一人ひとりの先生が、スーパーティーチャーとして活躍することを期待するのではなく、チームの中で本当の意味でそれぞれが個性を発揮し、自分の役割を果たしながら生徒さんと向き合うことができるようになったことだと思います。
チーム担任制を提案した齋藤校長にインタビュー

——齋藤さんは、どのような思いでチーム担任制の導入を提案されたのでしょうか?
私がチーム担任制の導入を考え始めたのは、実は提案する10年以上も前からでした。
これまで「生徒さんのためになるのであれば」と、良いと思えるものは何でも取り入れてきました。それらの取り組みも、先生方の声から生まれて実行されたものの方が多かったように思うのですが、それでも拭えなかったのは、先生の疲弊感でした。
疲弊というのは、先生が常に全力で一生懸命にやってくださった結果なので、決してネガティブなものではありません。それでも、これをなんとか軽くできたらという思いがありました。
——先生にとっては、自分が頑張って指導したことが喜びとして跳ね返ってくることもありますよね。
教員は日々頭の中で考え、自分で決断し、自分で実践するのが一般的な担任の仕事です。うまくいけば、生徒さんの成長につながり、保護者の方からも感謝される。教師冥利に尽きますよね。「来年も先生のクラスがいいな」と言われたら、本当にうれしいものです。
しかし、その一方で、自分の指導力に頼りすぎて、自己満足に陥っていないかと、不安にもなるのです。また、うまくいかなかったときには、「自分にもっと力があればなんとかできたのではないか」と自分を責めることもあります。
教科指導、生徒指導、進路指導…学級担任は全てに対応するマルチな能力を求められますが、1人でそれを完璧にこなすのは無理です。そしてそこで成果を求めるほど、疲弊しつぶれてしまう。固定担任制は、生徒さんの個性が多方面から引き出されるはずのチャンスを奪っている可能性すらある。

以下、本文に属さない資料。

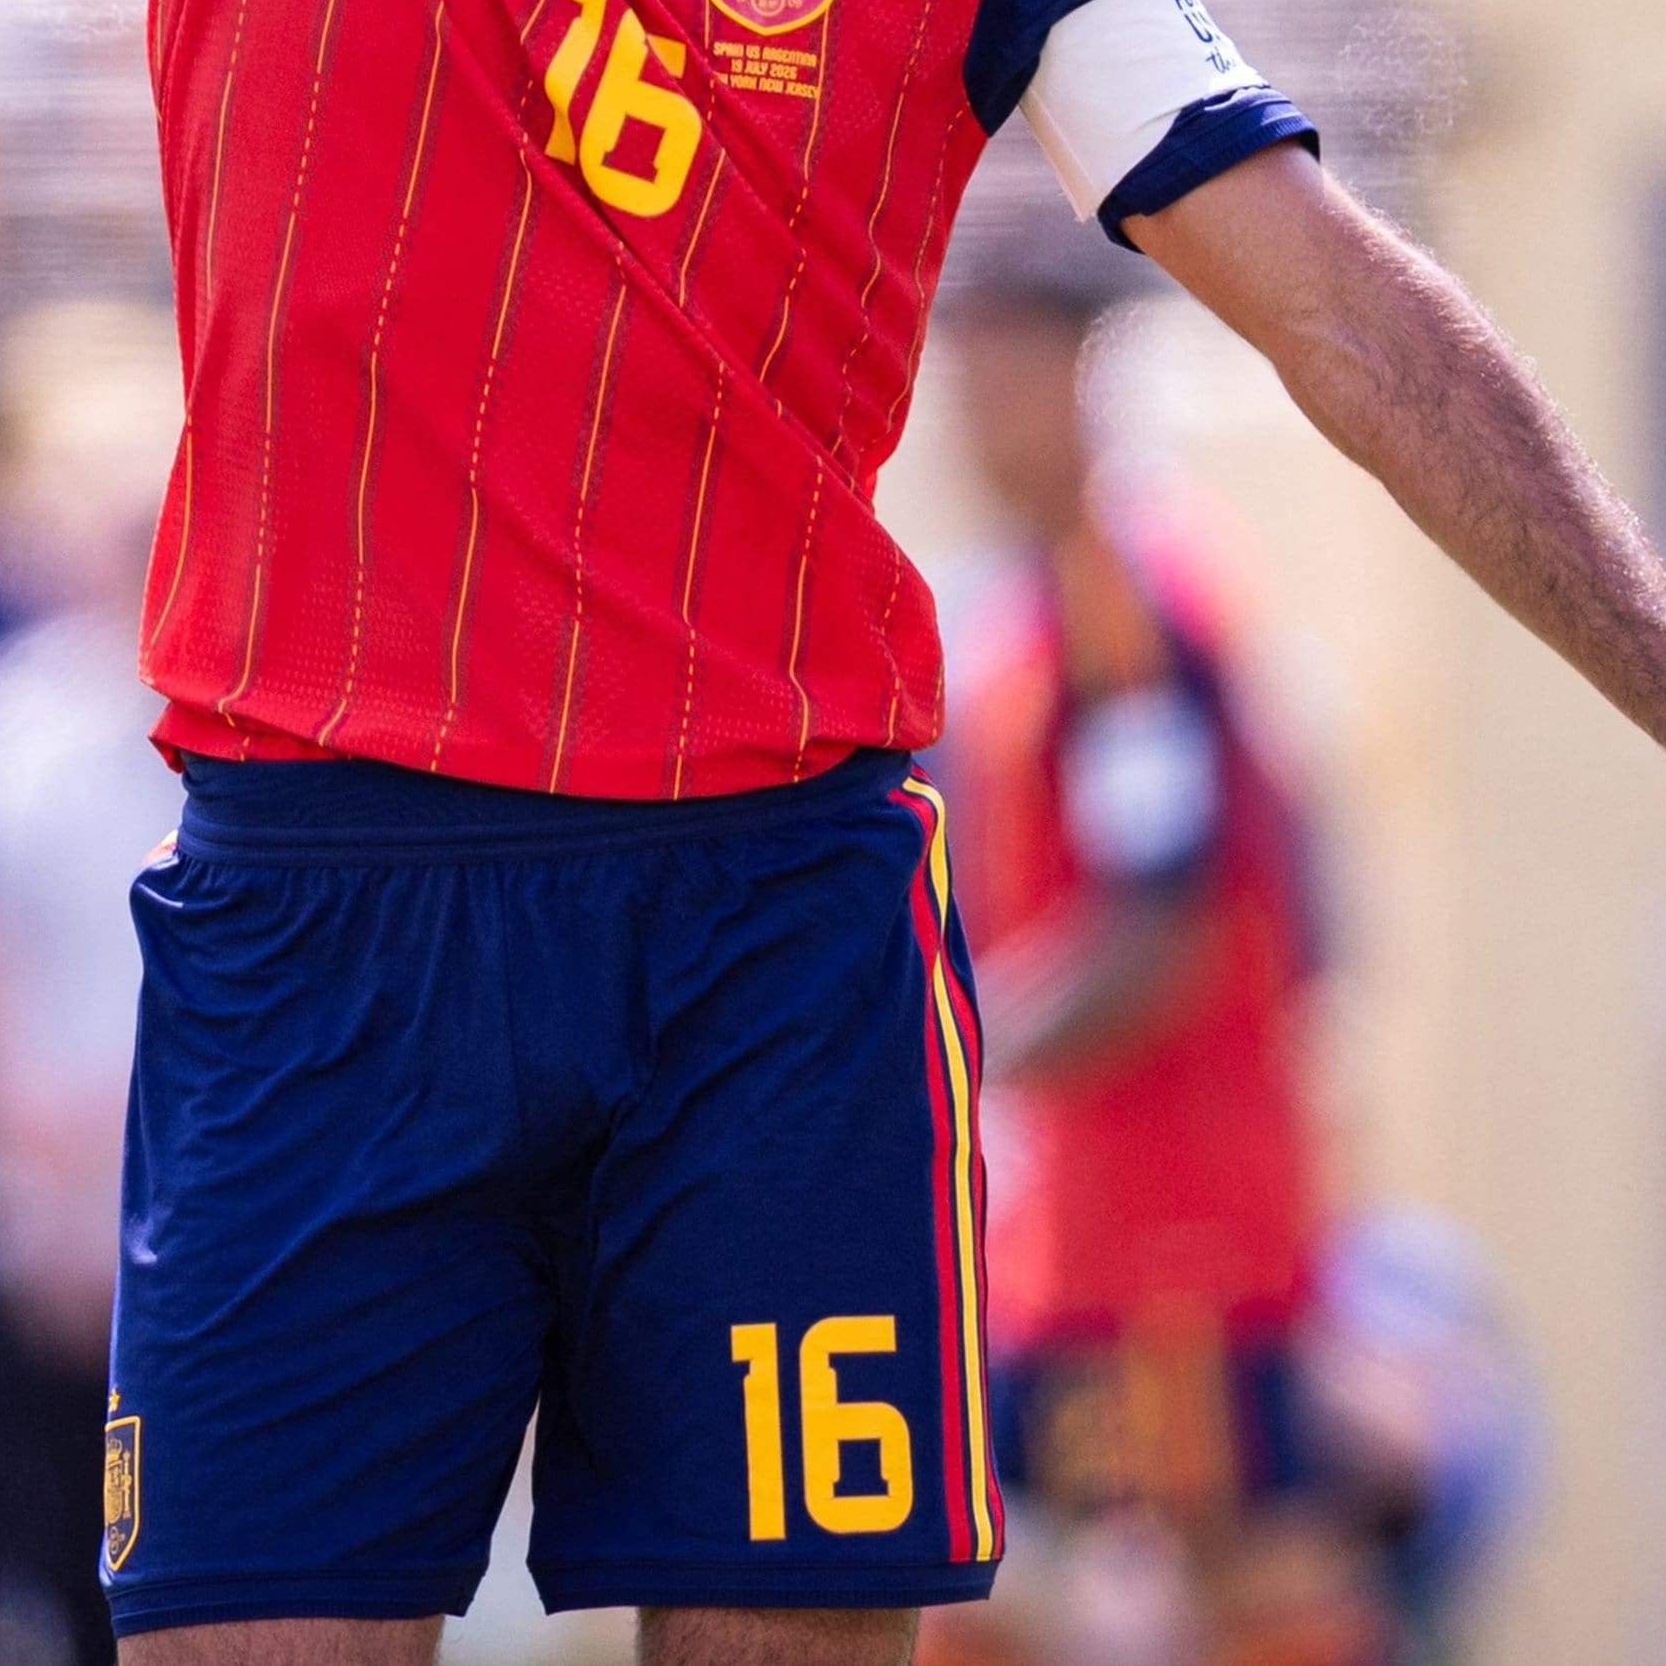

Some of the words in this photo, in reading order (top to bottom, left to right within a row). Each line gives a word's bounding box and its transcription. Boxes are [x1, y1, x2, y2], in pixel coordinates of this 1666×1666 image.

多様な大人が子どもたちの近くにいることで、生徒さんが自分に必要な手助けを「僕はこの手をつかみたい」とか「この手とあの手に支えられたい」というように選べることこそが大事なのではないか。チーム担任制は、そんな大人1人との出会いによって、教育の質が左右されてしまうという課題を解決するための仕組みだと考えています。